Pandemic stress creates a destructive feedback loop in multi-child families, often at the detriment of one sibling over the others
The stress associated with and compounded by the Covid-19 pandemic is real. We’ve all felt Covid stress at some point, be it thanks to technical difficulties with at-home learning, trying to manage working from home, or dealing with long periods of social isolation. Many parents have had to juggle all of those responsibilities and then some, especially those with families with two or more children in the household.
A new study from the University of Waterloo suggests that when Covid-19 disrupts families with multiple children, one sibling is affected more than the others. This, in turn, only adds more stress to caregivers’ plates, which can lead to reactivity and a feedback loop of stress, anger, anxiety, and depression between the parents and their child who is struggling the most.
“Our study shows that parents tend to be most reactive and least positive to the child showing the highest levels of mental health difficulties,” said Dillon Browne, the study’s lead author and a professor of clinical psychology at the University of Waterloo, in a press release for the university.
While yes, it is not exactly rocket science that the pandemic is stressful AF, it is worth noting that the study found that the child in multi-children homes who was having the hardest time also tended to get the hardest time from parents.
The study suggests that the child’s mental health influences the parent’s mental health
“Struggles with mental health among family members exacerbate each other in a feedback loop,” Browne said. “Our study suggests that the direction of influence appears to go from the child’s mental health to parenting, not parenting to child mental health.”
The research team analyzed data from over 500 caregivers and 1,000 siblings. Parents with more than two kids between five and 18 years old answered surveys on how Covid stress affected family dynamics and mental health over a two-month time period.

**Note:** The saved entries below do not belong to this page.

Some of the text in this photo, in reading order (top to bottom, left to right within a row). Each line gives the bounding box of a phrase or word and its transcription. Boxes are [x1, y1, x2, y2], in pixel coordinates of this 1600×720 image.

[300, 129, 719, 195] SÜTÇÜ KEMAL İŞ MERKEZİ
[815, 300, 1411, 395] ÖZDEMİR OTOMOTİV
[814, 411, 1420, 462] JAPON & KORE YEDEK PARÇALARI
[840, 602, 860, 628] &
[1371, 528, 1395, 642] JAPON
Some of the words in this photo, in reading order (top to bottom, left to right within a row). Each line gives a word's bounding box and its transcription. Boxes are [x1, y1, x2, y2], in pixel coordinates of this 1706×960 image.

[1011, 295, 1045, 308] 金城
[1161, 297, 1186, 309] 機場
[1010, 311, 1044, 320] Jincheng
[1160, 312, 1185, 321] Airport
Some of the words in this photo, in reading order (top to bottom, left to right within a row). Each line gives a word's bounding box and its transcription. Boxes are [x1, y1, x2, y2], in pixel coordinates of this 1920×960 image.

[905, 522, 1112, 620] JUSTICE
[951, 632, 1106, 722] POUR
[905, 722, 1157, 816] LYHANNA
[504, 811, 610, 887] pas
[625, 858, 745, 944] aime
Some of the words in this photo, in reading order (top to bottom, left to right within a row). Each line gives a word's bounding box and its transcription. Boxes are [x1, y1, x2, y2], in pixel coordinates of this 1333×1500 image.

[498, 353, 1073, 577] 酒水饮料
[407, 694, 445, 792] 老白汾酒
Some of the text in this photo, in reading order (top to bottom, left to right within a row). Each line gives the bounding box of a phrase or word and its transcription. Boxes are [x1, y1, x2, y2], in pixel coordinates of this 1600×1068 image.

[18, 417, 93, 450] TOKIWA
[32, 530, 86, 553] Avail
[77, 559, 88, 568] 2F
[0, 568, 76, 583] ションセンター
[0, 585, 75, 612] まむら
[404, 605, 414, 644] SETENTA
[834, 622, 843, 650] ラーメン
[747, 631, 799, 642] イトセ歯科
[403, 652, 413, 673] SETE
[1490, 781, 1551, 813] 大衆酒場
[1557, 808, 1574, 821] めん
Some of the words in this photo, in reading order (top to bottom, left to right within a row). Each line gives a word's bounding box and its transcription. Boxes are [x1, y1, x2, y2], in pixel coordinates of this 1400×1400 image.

“A lot of research studies have pointed to mental-health challenges associated with the pandemic for children and parents. This work adds insight into how pandemic-related disruption goes beyond the individual and infiltrates the relational environment of the family unit,” Brown said.
The study’s findings suggest that family therapy would benefit a household stuck in this negative feedback loop
“Understanding children’s mental health difficulties during COVID-19 requires a family system lens because of the numerous ways the pandemic affects the family as a unit. Comprehensive interventions for children’s mental health require an examination of caregiver, sibling, and whole-family dynamics,” Browne, who is also the current Canada Research Chair in Child and Family Clinical Psychology, explained.